Iowa Governor Kim Reynolds has become a rare voice of reason on gun control after a March 7 school shooting in Des Moines.

Democrat legislators and gun safety advocates immediately started using the tragedy to justify tightening Iowa’s gun control laws in response to the shooting. It is important to note that according to official reporting, the firearms used in the shooting were not accessed legally.

Amazingly, Gov. Reynolds responded with some common sense, reportedly saying: “I think the tragedy is our system — our educational system — is letting these kids down. They should have been in school. We should be figuring out resources to help them stay there and to help them get an education and a life where they can take care of themselves and their families.”

This criticism of the education system is the cold hard truth, as much as it’s hard to hear for gun control advocates.

The anti-gun lobby would have you believe that passing more and more strict gun control laws will somehow decrease gun crime. The issue with this theory is that criminals do not follow laws. So, passing more and more gun control only hurts law-abiding citizens. Cities like Chicago and Baltimore serve as examples of these failed gun control policies, with murder rates that rank them among some of the most violent cities in the world up there with Rio and Caracas.

Also, with the massive amount of new gun owners throughout 2020 & 2021, there has been a shift in opinion on gun control. Many Americans now support the enforcement of current laws instead of creating new gun control.

Gov. Reynolds brings up the thing that so many anti-gun politicians hate to hear. The problem isn’t the firearm. It’s an education system that fails those in it. Of course, fixing our broken education system here in the United States would take actual work with real solutions, and we know for a fact that the anti-gun lobby isn’t after solutions.

In fact, the anti-gun lobby only seeks to disarm law-abiding citizens, to create new, never-ending problems with firearms until the United States resembles other restrictive, repressive states like Australia or England.

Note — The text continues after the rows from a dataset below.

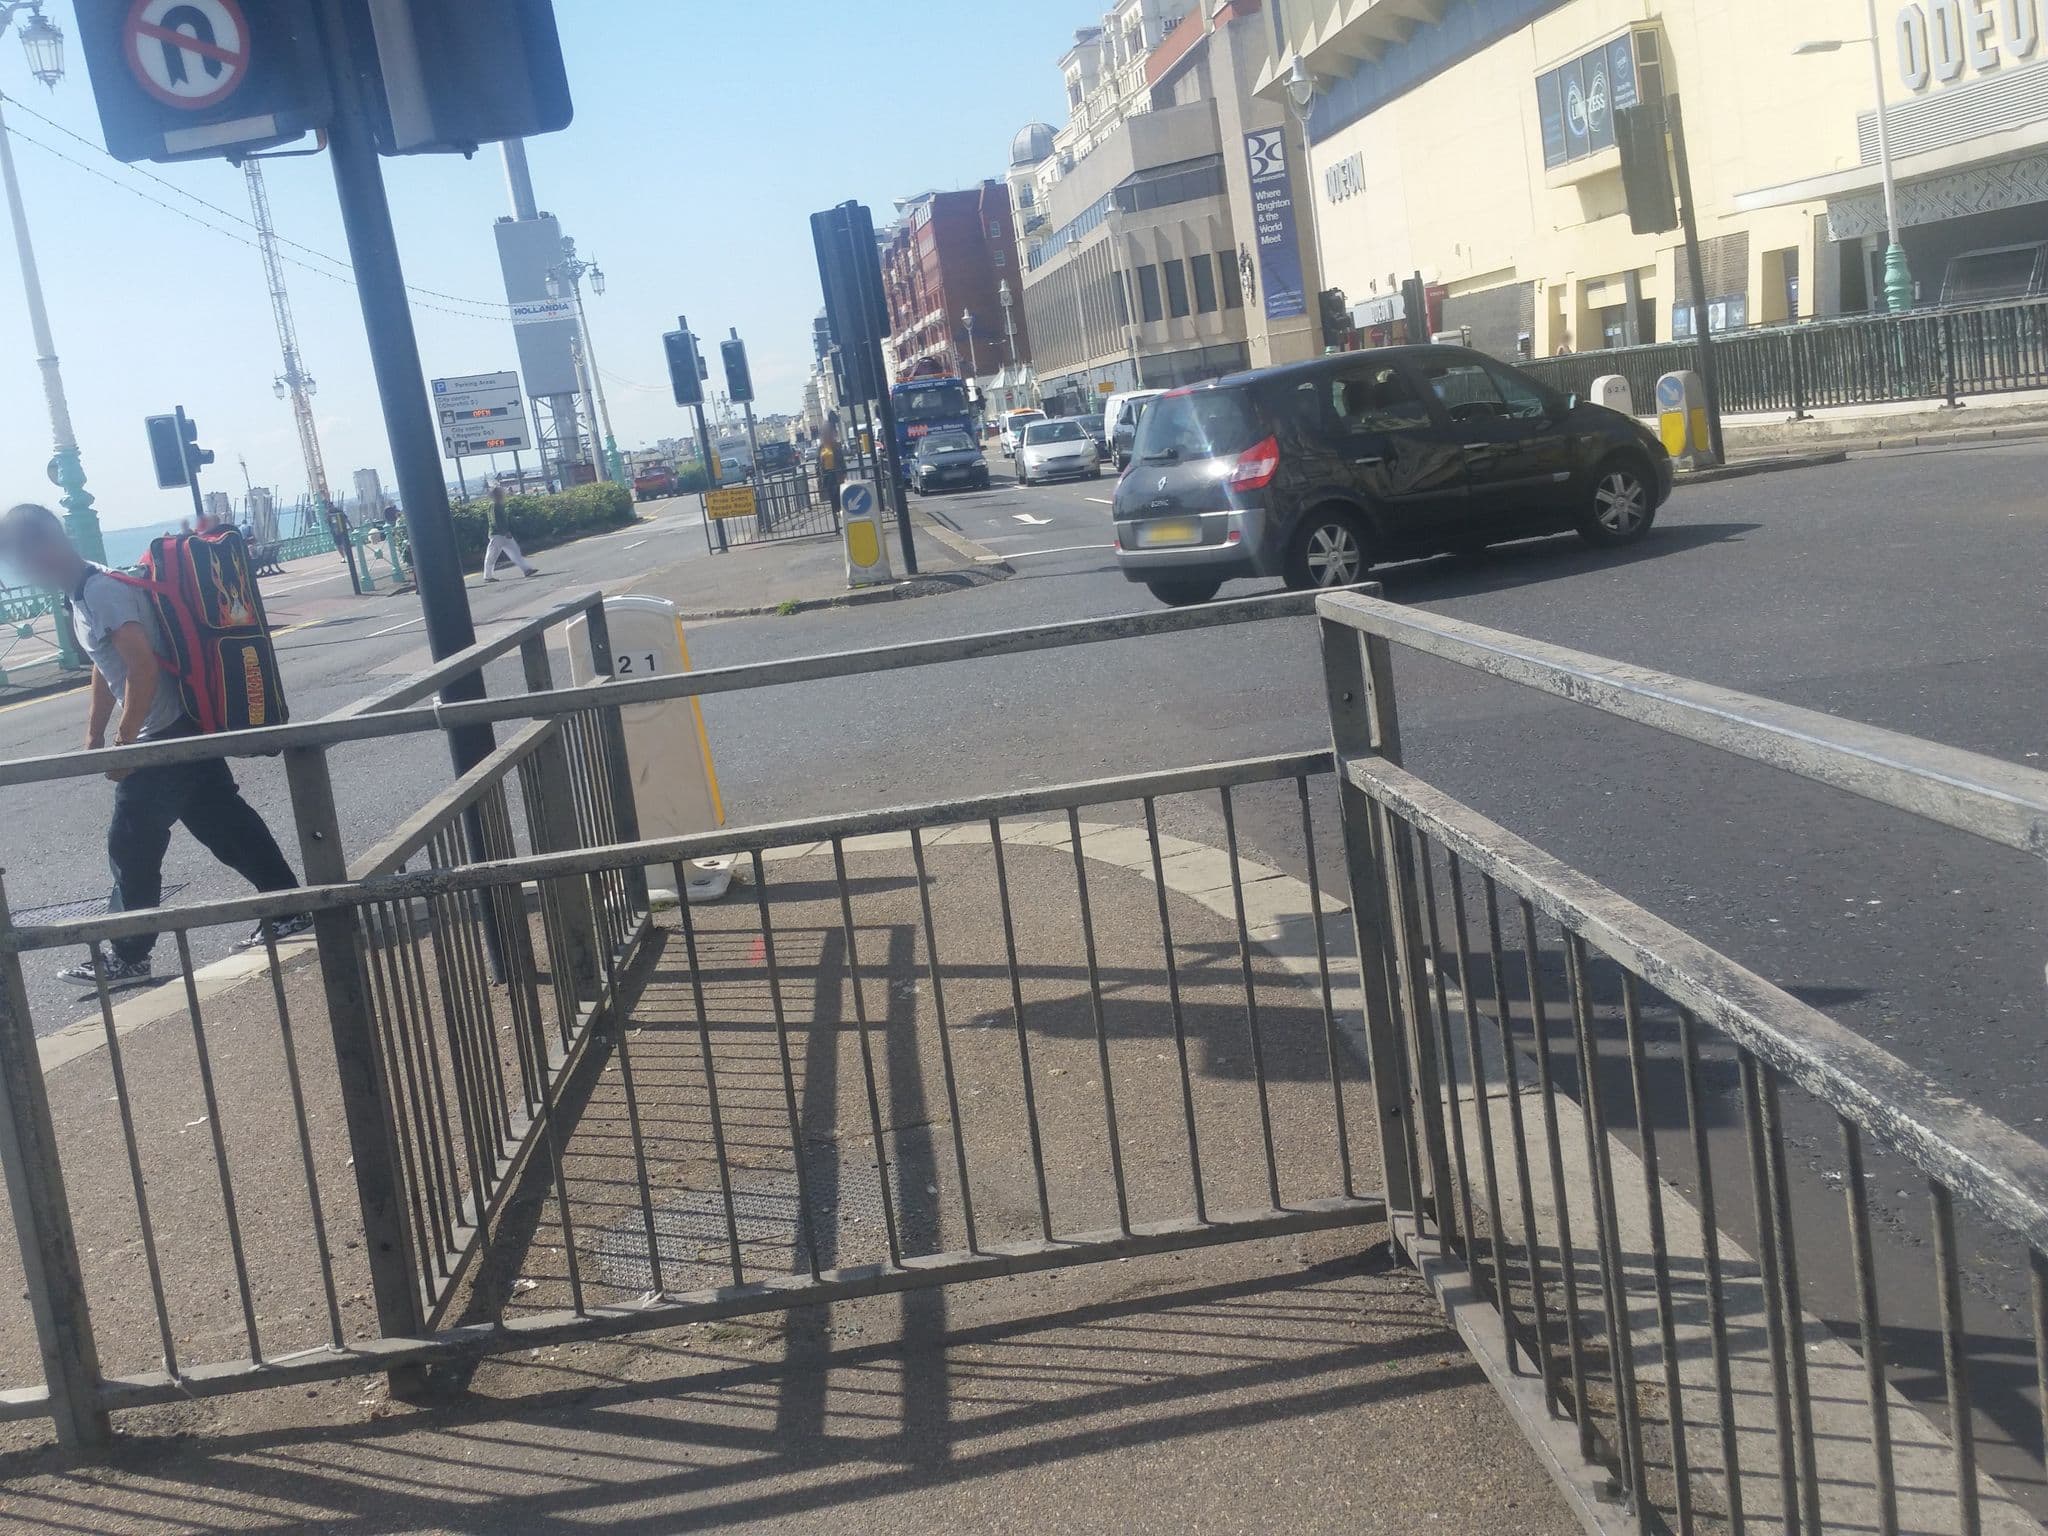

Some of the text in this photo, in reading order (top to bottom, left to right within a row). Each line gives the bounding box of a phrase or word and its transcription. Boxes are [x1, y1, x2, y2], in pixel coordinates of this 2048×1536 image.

[1896, 0, 2048, 92] ODEO
[1256, 189, 1281, 201] Where
[1257, 199, 1291, 213] Brighton
[1258, 212, 1280, 223] & the
[1259, 222, 1283, 234] World
[1261, 234, 1282, 245] Meet
[513, 303, 569, 317] HOLLANDIA
[472, 408, 492, 418] OPEN
[486, 439, 506, 448] OPEN

To hear a Governor speak out on one of the real causes of gun violence is exceptionally refreshing. The anti-gun local Iowa politicians didn’t think so, though. Iowa Democrats immediately began to criticize the governor’s response, saying Gov. Reynolds was “blaming the educational system for a tragedy.”

Source: London School of Economics

But was she? Many studies done over the years indicate that poor education leads to crime and violence. Democrats themselves cite the same studies when lobbying for public school funding! Why are these same points discredited in the context of gun control? Could it be that there are ulterior motives at work here?

Hopefully, other governors will follow in Gov. Reynolds example and bring awareness to the fact that gun violence is a highly complex issue.

If we as a society collectively stopped looking at the firearm as the problem and looked at the root causes of violence, we may find that there are solutions to the issues at hand. In no other instance do we blame and regulate the tool of violence instead of punishing the person who committed the crime. Drunk driving is often cited as an example of this hypocrisy, as we do not blame the car for drunk driving; we blame the driver.